Dataset excerpts:
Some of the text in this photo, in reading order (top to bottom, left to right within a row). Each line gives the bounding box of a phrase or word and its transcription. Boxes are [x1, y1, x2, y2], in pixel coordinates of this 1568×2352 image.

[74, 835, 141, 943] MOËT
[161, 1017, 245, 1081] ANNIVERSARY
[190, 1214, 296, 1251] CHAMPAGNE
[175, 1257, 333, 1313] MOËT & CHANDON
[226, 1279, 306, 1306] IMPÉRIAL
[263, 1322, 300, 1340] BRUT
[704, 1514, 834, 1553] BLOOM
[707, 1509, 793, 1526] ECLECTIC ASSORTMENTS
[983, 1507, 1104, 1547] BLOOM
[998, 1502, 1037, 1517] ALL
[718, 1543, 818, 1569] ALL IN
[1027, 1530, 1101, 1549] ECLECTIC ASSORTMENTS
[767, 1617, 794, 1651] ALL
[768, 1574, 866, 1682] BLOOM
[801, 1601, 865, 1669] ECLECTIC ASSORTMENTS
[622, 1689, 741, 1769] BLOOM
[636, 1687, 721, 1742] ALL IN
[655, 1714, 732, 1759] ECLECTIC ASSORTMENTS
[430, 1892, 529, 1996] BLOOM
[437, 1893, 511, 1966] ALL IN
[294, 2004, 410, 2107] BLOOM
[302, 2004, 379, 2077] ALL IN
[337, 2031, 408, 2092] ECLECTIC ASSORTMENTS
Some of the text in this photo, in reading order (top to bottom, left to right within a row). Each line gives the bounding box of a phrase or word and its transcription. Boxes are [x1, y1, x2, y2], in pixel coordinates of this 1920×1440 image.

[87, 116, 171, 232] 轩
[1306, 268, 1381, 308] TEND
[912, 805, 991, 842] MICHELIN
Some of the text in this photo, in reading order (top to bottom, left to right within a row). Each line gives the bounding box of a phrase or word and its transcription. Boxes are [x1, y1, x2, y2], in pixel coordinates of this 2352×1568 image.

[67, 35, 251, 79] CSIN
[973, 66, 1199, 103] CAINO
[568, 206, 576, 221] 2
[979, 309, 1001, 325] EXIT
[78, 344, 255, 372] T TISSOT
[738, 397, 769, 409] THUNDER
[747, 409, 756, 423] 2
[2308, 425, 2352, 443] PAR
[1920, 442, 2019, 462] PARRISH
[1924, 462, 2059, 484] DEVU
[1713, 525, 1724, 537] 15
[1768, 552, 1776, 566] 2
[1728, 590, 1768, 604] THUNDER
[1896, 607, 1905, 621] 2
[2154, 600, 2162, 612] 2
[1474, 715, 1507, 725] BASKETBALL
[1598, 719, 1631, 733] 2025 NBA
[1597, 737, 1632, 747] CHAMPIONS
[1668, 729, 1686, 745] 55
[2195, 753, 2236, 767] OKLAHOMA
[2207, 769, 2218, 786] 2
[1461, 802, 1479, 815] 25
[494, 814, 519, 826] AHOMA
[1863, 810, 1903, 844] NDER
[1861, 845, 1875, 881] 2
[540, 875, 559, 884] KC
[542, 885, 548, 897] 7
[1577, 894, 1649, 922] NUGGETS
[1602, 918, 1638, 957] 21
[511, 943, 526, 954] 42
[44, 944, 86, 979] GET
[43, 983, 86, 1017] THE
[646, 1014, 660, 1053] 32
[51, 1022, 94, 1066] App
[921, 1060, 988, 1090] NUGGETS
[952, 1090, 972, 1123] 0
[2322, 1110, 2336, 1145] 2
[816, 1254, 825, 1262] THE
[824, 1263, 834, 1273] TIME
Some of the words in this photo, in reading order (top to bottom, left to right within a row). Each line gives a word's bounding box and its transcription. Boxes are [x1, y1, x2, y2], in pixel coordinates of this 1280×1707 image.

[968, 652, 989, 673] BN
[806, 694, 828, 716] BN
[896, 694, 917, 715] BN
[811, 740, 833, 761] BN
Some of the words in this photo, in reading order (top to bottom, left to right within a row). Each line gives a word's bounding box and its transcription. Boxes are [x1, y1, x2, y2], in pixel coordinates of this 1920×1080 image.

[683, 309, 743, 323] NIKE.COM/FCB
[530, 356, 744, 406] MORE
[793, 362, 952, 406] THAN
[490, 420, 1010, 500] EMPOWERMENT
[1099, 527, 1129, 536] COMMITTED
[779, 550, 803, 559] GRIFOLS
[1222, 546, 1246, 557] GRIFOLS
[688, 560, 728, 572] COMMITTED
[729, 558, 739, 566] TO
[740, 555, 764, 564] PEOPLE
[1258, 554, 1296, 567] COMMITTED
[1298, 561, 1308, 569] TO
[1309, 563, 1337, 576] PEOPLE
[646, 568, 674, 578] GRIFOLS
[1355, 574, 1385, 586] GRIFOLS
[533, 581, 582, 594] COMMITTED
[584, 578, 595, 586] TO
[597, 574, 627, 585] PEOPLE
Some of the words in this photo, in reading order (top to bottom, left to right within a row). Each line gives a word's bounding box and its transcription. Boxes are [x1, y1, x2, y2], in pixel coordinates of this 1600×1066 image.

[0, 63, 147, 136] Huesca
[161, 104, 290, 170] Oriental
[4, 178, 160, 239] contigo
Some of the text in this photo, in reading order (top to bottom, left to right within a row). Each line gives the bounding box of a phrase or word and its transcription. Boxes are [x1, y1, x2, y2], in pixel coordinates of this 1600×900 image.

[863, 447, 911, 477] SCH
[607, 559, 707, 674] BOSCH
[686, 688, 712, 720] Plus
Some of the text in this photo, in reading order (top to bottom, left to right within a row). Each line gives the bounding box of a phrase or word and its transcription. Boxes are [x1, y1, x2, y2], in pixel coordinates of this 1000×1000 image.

What to work on:
Go to the line with "this 1280×1707 image." and set down that line and every line after it, through the end of the material above, word for word.

The completed task:
Some of the words in this photo, in reading order (top to bottom, left to right within a row). Each line gives a word's bounding box and its transcription. Boxes are [x1, y1, x2, y2], in pixel coordinates of this 1280×1707 image.

[968, 652, 989, 673] BN
[806, 694, 828, 716] BN
[896, 694, 917, 715] BN
[811, 740, 833, 761] BN
Some of the words in this photo, in reading order (top to bottom, left to right within a row). Each line gives a word's bounding box and its transcription. Boxes are [x1, y1, x2, y2], in pixel coordinates of this 1920×1080 image.

[683, 309, 743, 323] NIKE.COM/FCB
[530, 356, 744, 406] MORE
[793, 362, 952, 406] THAN
[490, 420, 1010, 500] EMPOWERMENT
[1099, 527, 1129, 536] COMMITTED
[779, 550, 803, 559] GRIFOLS
[1222, 546, 1246, 557] GRIFOLS
[688, 560, 728, 572] COMMITTED
[729, 558, 739, 566] TO
[740, 555, 764, 564] PEOPLE
[1258, 554, 1296, 567] COMMITTED
[1298, 561, 1308, 569] TO
[1309, 563, 1337, 576] PEOPLE
[646, 568, 674, 578] GRIFOLS
[1355, 574, 1385, 586] GRIFOLS
[533, 581, 582, 594] COMMITTED
[584, 578, 595, 586] TO
[597, 574, 627, 585] PEOPLE
Some of the words in this photo, in reading order (top to bottom, left to right within a row). Each line gives a word's bounding box and its transcription. Boxes are [x1, y1, x2, y2], in pixel coordinates of this 1600×1066 image.

[0, 63, 147, 136] Huesca
[161, 104, 290, 170] Oriental
[4, 178, 160, 239] contigo
Some of the text in this photo, in reading order (top to bottom, left to right within a row). Each line gives the bounding box of a phrase or word and its transcription. Boxes are [x1, y1, x2, y2], in pixel coordinates of this 1600×900 image.

[863, 447, 911, 477] SCH
[607, 559, 707, 674] BOSCH
[686, 688, 712, 720] Plus
Some of the text in this photo, in reading order (top to bottom, left to right within a row). Each line gives the bounding box of a phrase or word and its transcription. Boxes are [x1, y1, x2, y2], in pixel coordinates of this 1000×1000 image.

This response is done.